To foster the building of community capital, a Business Development program was created. This meant helping Mission residents gain access to much-needed funding so that new businesses could thrive and jobs could be created. Years later, a seven-session workshop — teaching the basics of small-business creation — was added as a prerequisite to clients receiving one-on-one coaching. Budding entrepreneurs learned everything from marketing strategies to negotiating a commercial lease.
Over the decades, hundreds of community-serving small businesses have been created or helped to grow in the Mission, and beyond. Restaurants. Family child care facilities. Print shops. All of these ventures are the ideal way to creating a long-term family asset, especially for newcomers to this country.
Because of MEDA’s history in this realm, this year the nonprofit participated in “San Francisco Small-Business Week 2016,” which ran from May 21 to 28. This annual event celebrates small businesses, which create stable incomes for owners and jobs for the community.
The numbers back up that statement.
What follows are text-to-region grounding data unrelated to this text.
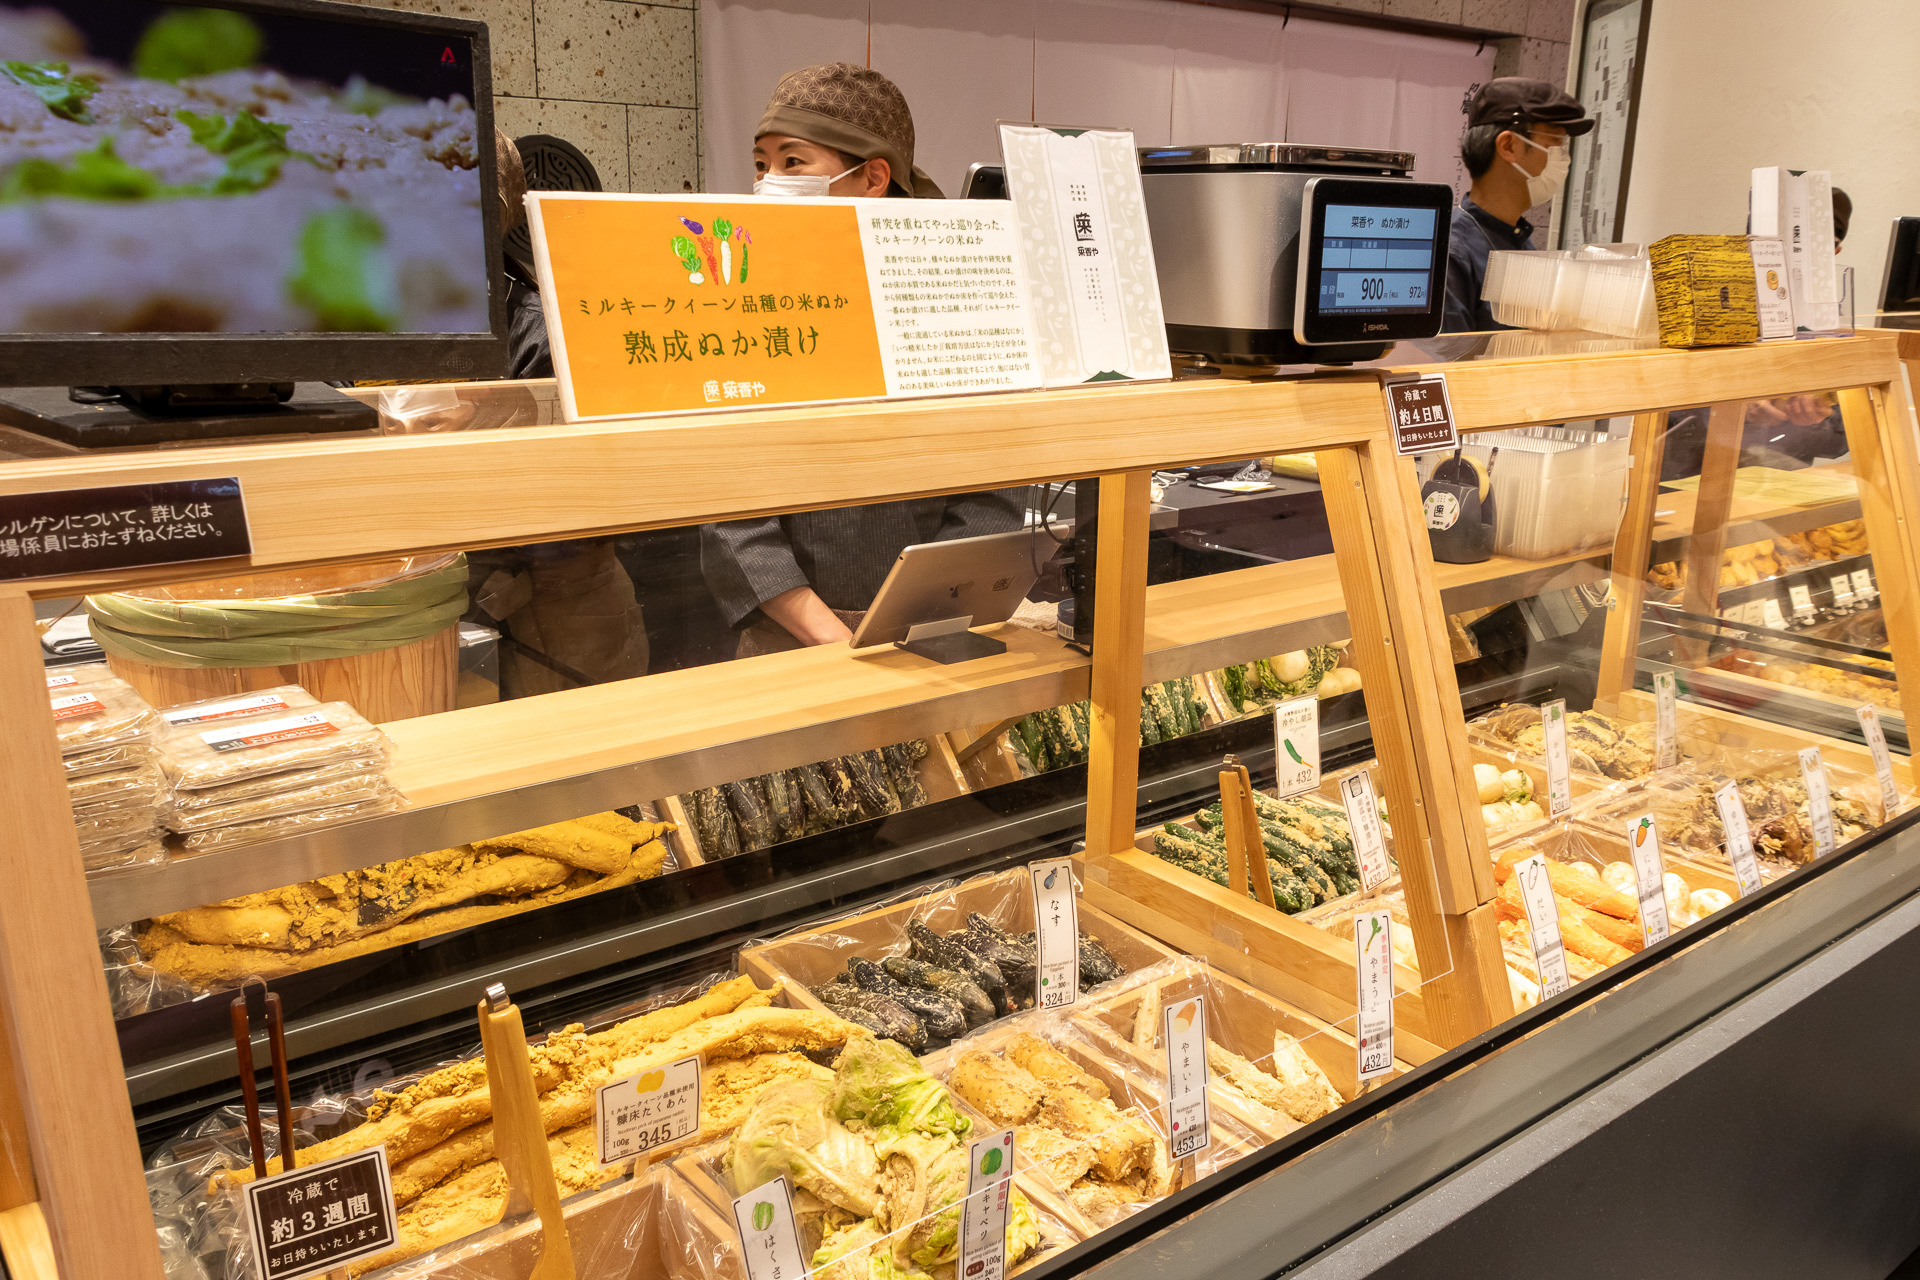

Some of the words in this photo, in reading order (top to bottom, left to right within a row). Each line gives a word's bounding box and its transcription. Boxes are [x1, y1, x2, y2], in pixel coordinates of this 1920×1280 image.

[871, 217, 1005, 231] 研究を重ねてやっと巡り会った、
[1351, 216, 1374, 229] 菜香や
[1381, 217, 1410, 229] ぬか漬け
[874, 234, 984, 246] ミルキークイーンの米ぬか
[579, 294, 849, 316] ミルキークィーン品種の米ぬか
[1367, 323, 1389, 332] ISHIDA
[623, 326, 819, 365] 熟成ぬか漬け
[1404, 389, 1427, 402] 冷蔵で
[1401, 429, 1449, 443] お日持ちいたします
[1296, 768, 1312, 785] 432
[1050, 900, 1061, 928] なす
[617, 1095, 687, 1126] 糠床たくあん
[613, 1138, 630, 1149] 100g
[287, 1177, 339, 1205] 冷蔵で
[270, 1225, 379, 1268] お日持ちいたします
[986, 1255, 1001, 1267] 100g
According to the U.S. Small-Business Administration (SBA), there are 3.7 million small businesses in California – 99.2 percent of all businesses in the state. These businesses employ 6.7 million Californians, which is about half of the state’s workforce.
To reach a large audience, MEDA held its first-ever “Bilingual Small-Business Resource Fair” on Saturday, May 21, to offer tools to start or expand an enterprise. The venue was City College’s Mission campus on Valencia Street.
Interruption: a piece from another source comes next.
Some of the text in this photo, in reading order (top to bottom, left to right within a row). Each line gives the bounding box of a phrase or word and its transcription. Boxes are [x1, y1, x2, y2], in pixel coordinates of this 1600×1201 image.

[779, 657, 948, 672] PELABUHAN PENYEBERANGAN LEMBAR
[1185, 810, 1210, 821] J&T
Business Development Program Manager Edwin Rodriguez welcomed attendees and counseled, “Starting your own business is a powerful experience. MEDA can make that a reality.”
There was then a secondary welcome, this one from Director of Asset Building Programs Lucy Arellano. She offered information on MEDA’s many other free services in the Mission, which range from housing opportunities and free tax preparation to job training and computer classes.
MEDA’s Ernesto Martinez then did a presentation on social media marketing – vital to any business gaining a market share in 2016. Martinez showcased best practices in this realm.
Four free workshops were then held: Diana Matei-Golopenta, who leads MEDA’s Adelante Fund, spoke of access to capital; Crystal Cole from Legal Services for Entrepreneurs explained commercial-lease negotiation; Emiliana Puyana of La Cocina offered advice on business creation in the food and beverage industry; and MEDA’s Business Coach Teresa Garcia taught best practices for running a child care business.
Garcia then brought the crowd outside for a literal hands-on experience in job creation. It’s called the Yarn Game.
Explains Garcia, “Most people think you just need a business license to get going. Operating a business is a complex web. The Yarn Game visually explains this to our clients.”
The game starts by each person receiving a piece of paper on which is written one aspect of operating a business, such as marketing or financials. As Garcia reads out each business facet, that person gets thrown the yarn. Eventually a web has been formed (photo).
The game continues in reverse, Garcia reading each aspect of business again, with that person then dropping their yarn until all that is left is the person with “Business License.” As the web is now on the ground, clients learn that garnering a business license is definitely not enough for success.
MEDA takes a holistic approach to small-business development, as showcased at the bilingual resource fair. Clients left better informed and ready to make their business dreams a reality, with MEDA’s continued help.